Clarke Willmott LLP’s social housing team are delighted to provide you with our monthly case law update which includes cases within the last month from the higher jurisdiction courts in England and Wales that are relevant to the affordable housing sector.

We trust that this update will be helpful and we welcome any queries or further help that we can provide by contacting the partners mentioned below.

Keeping abreast of the latest case law is an important aspect of advice to our clients in delivering the highest quality legal services and we trust you will find this a useful update within your business.

 

Cawrey Ltd v Secretary of State for Communities and Local Government & anor

[2016] EWHC 1198 Administrative Court

23 May 2016

Town and country planning – Residential development – National Planning Policy Framework (NPPF)

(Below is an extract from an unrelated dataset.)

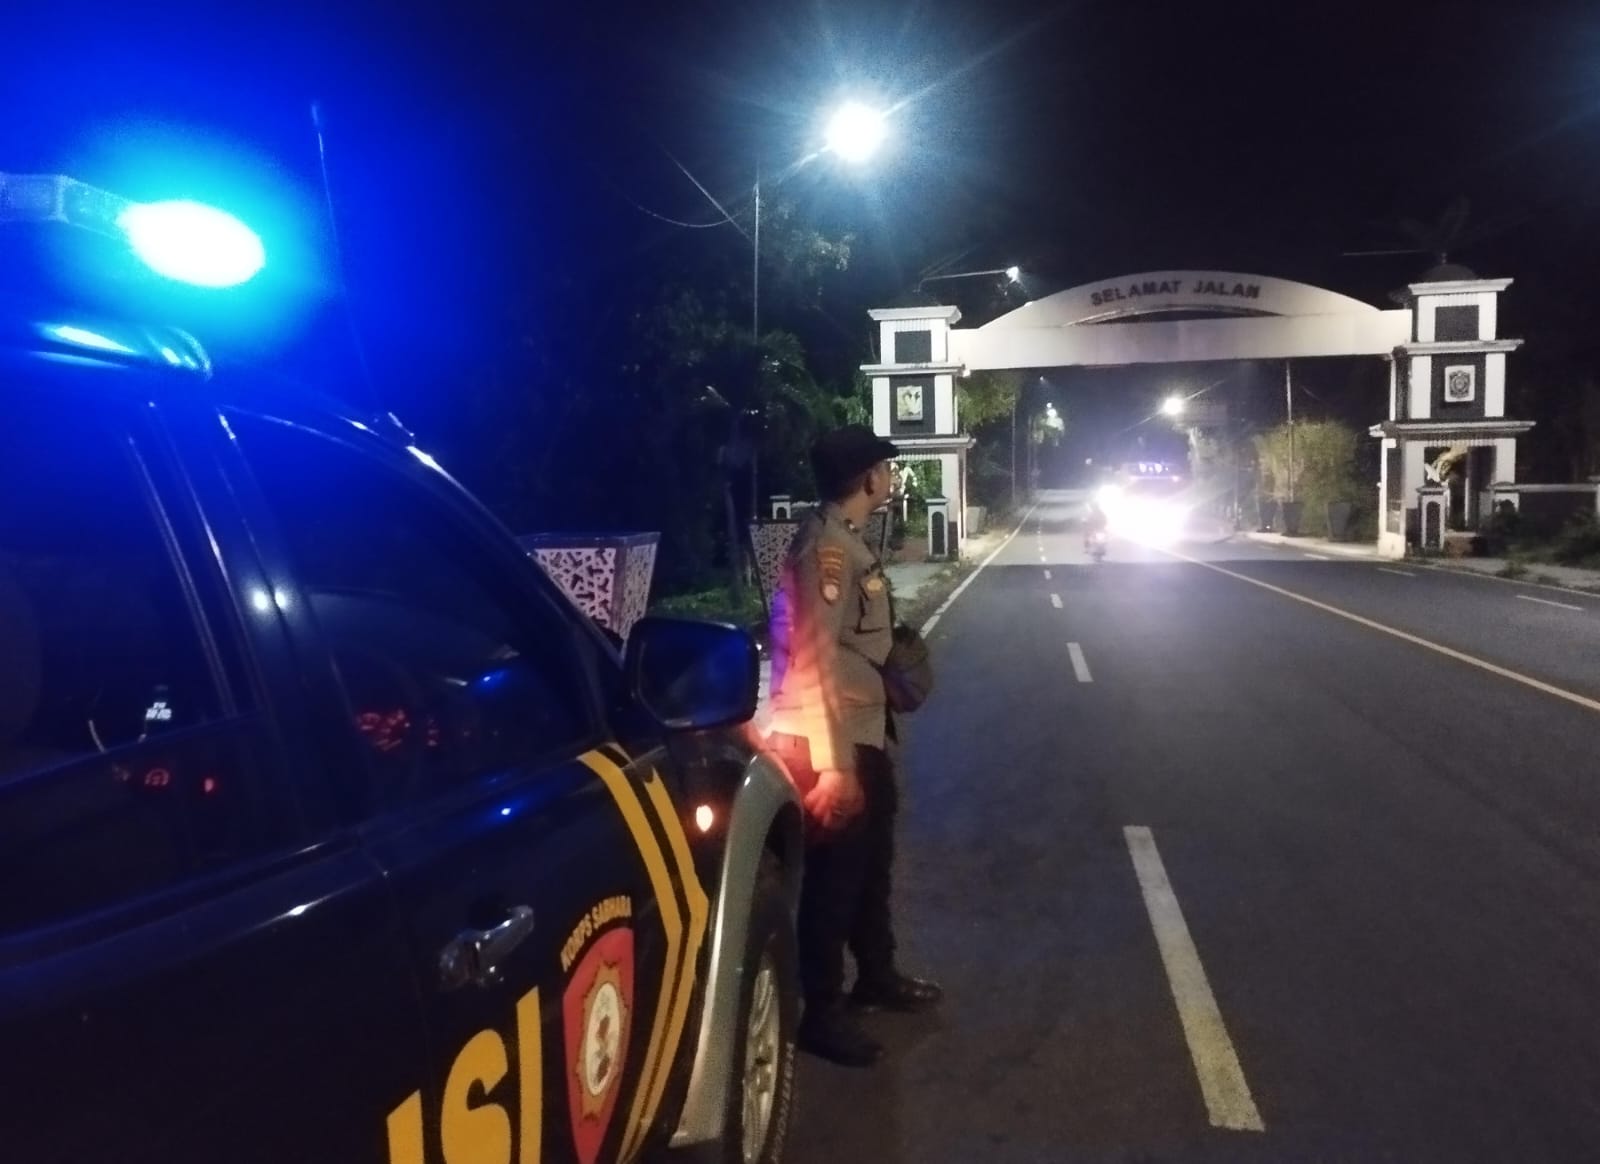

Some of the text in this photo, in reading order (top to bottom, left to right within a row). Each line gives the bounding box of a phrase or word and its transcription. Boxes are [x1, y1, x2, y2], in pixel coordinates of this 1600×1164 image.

[1090, 280, 1262, 306] SELAMAT JALAN
[560, 912, 593, 973] KORPS

The Claimant applied to quash an Inspector’s decision which dismissed their appeal against the refusal to grant planning permission for a residential development. The Defendant had advised the Claimant that their original plans lacked the density of housing required. Revised plans were submitted only to be rejected by the Defendant. The grounds of challenge were: (1) the Inspector had failed to provide adequate reasons, or had taken into account immaterial considerations; (2) had failed to consider the nature and extent of any conflict with planning policies; and (3) had failed to consider whether the scheme addressed sustainable development in terms of the policy in NPPF, in particular in relation to affordable housing. The claim was dismissed.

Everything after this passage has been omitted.